How does the doctor treat chronic pelvic pain?
The pain specialist must treat the cause of the pelvic pain first. For chronic pelvic pain, the doctor will use a combination of therapies to control the condition. Treatment options include:
- Medications – Nonsteroidal anti-inflammatory drugs (NSAIDs) are used for inflammatory conditions. For chronic pain where nerves are involved, the doctor can prescribe anticonvulsants and tricyclic antidepressants. Extreme or severe pain is treated with narcotic analgesics.
- Acupuncture – The practitioner inserts fine needles into the skin and muscles to stimulate endorphin production and restore energy flow. This ancient Chinese therapy is used to alleviate the pain associated with the pelvic region.
- Celiac plexus nerve block – The celiac plexus nerves supply the pelvic region and lower abdomen. With this procedure, the doctor inserts a small needle through the back and instills a long-acting anesthetic or neurolytic agent onto the nerves. Based on clinical research reports, this block has an 85-90% efficacy rate.

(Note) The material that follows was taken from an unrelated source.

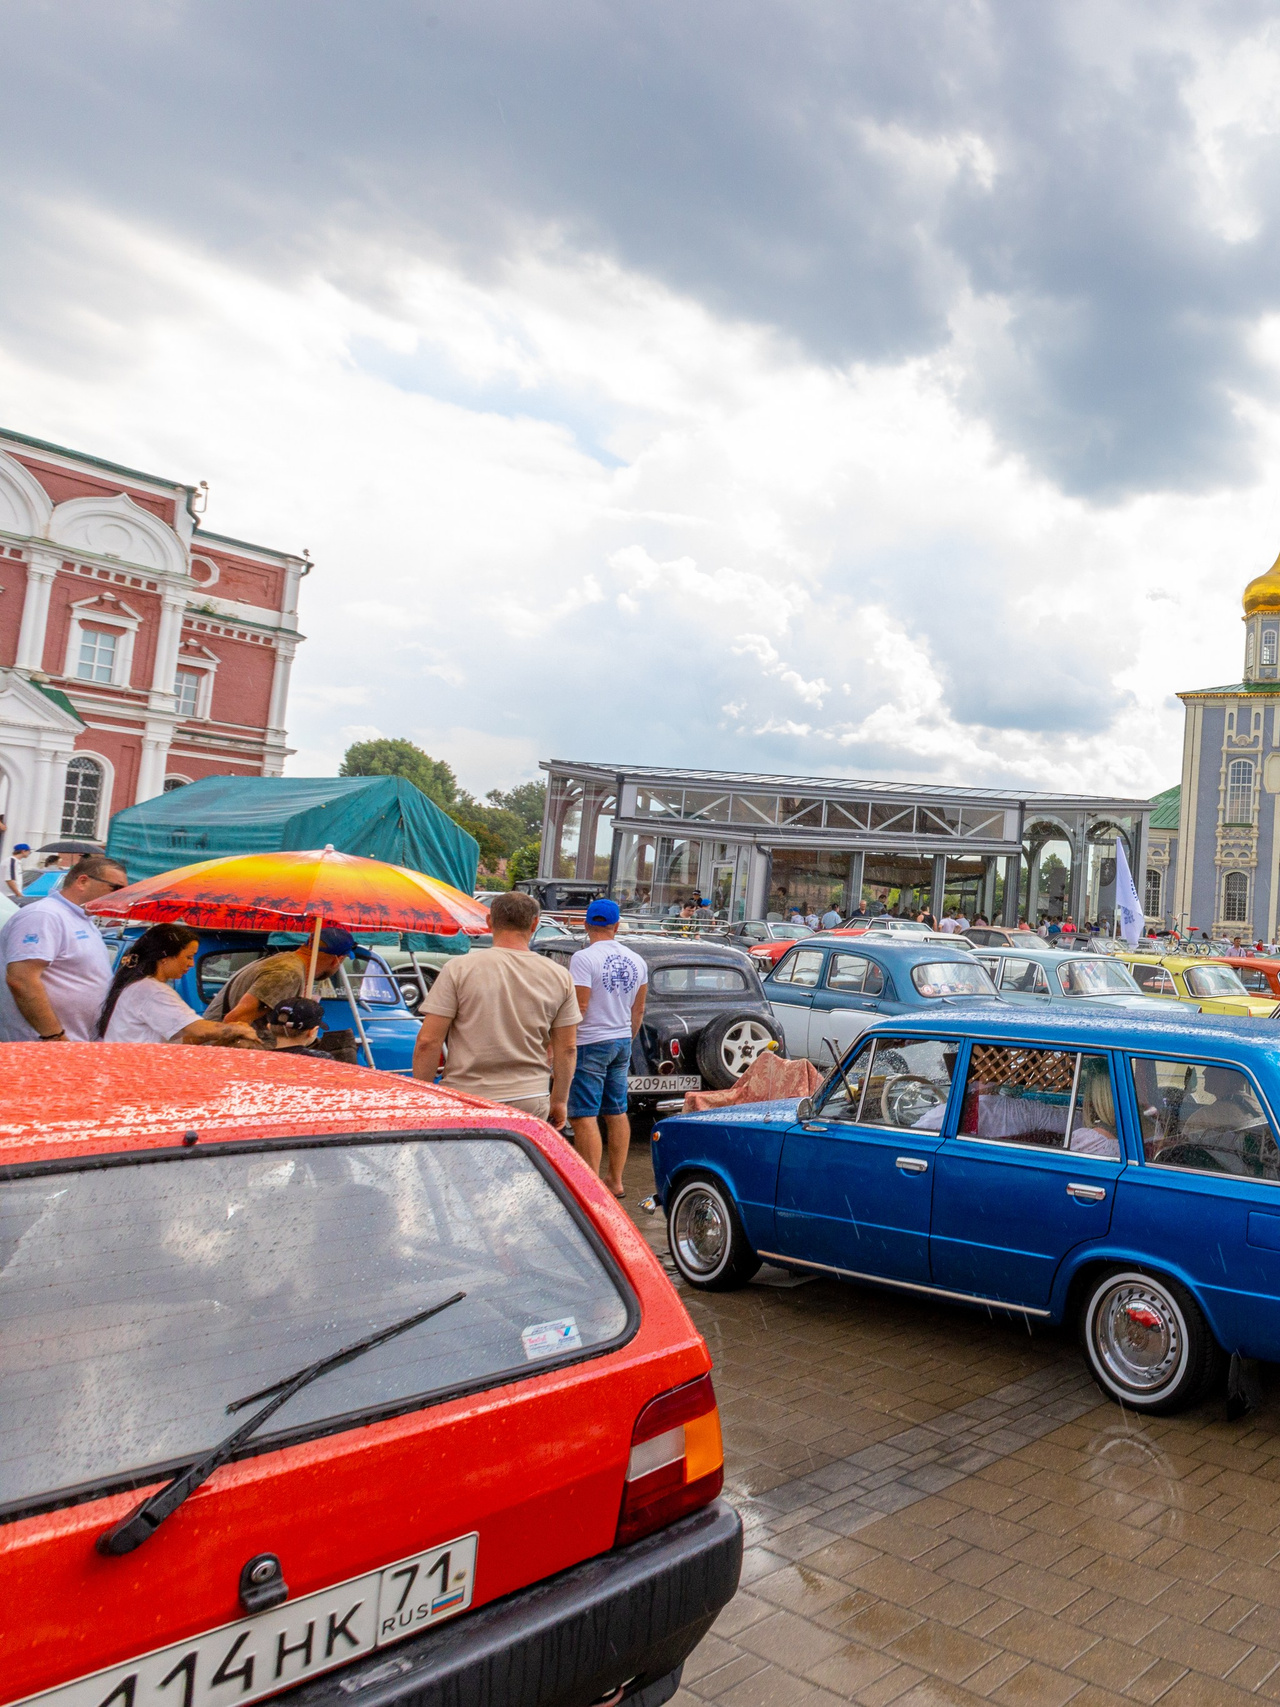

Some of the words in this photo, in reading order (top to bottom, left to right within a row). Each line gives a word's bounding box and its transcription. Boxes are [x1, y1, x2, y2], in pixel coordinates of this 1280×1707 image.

- Trigger point injections (TPIs) – Trigger points are painful contracted muscle regions on the body. The doctor can inject these points with an anesthetic to offer pain relief. Studies show TPIs are around 90-98% effective.
- Spinal cord stimulation (SCS) – For pelvic pain that is nonresponsive to other treatments, the pain specialist often uses a spinal cord stimulator. This device is surgically implanted, and it interferes with pain signal transmission. According to a recent research study, this device has a 71% success rate.
Fritz J, Chhabra A, Wang KC, Carrino JA. Magnetic resonance neurography-guided nerve blocks for the diagnosis and treatment of chronic pelvic pain syndrome. Neuroimaging Clin N Am. 2014; 24(1):211-34.
Pontari M, Giusto L. New developments in the diagnosis and treatment of chronic prostatitis/chronic pelvic pain syndrome. Curr Opin Urol. 2013;23(6):565-9.
Siegel, S, Paszkiewicz, E, Kirkpatrick, C, et al. (2001). Sacral nerve stimulation in patients with chronic intractable pelvic pain. The Journal of Urology, 166(5), 1742-1745
Srivastava, D (2012). Efficacy of sacral neuromodulation in treating chronic pain related to painful bladder syndrome/interstitial cystitis in adults. Journal of Anesthesiology Clinical Pharmacology, 28(4), 428-435.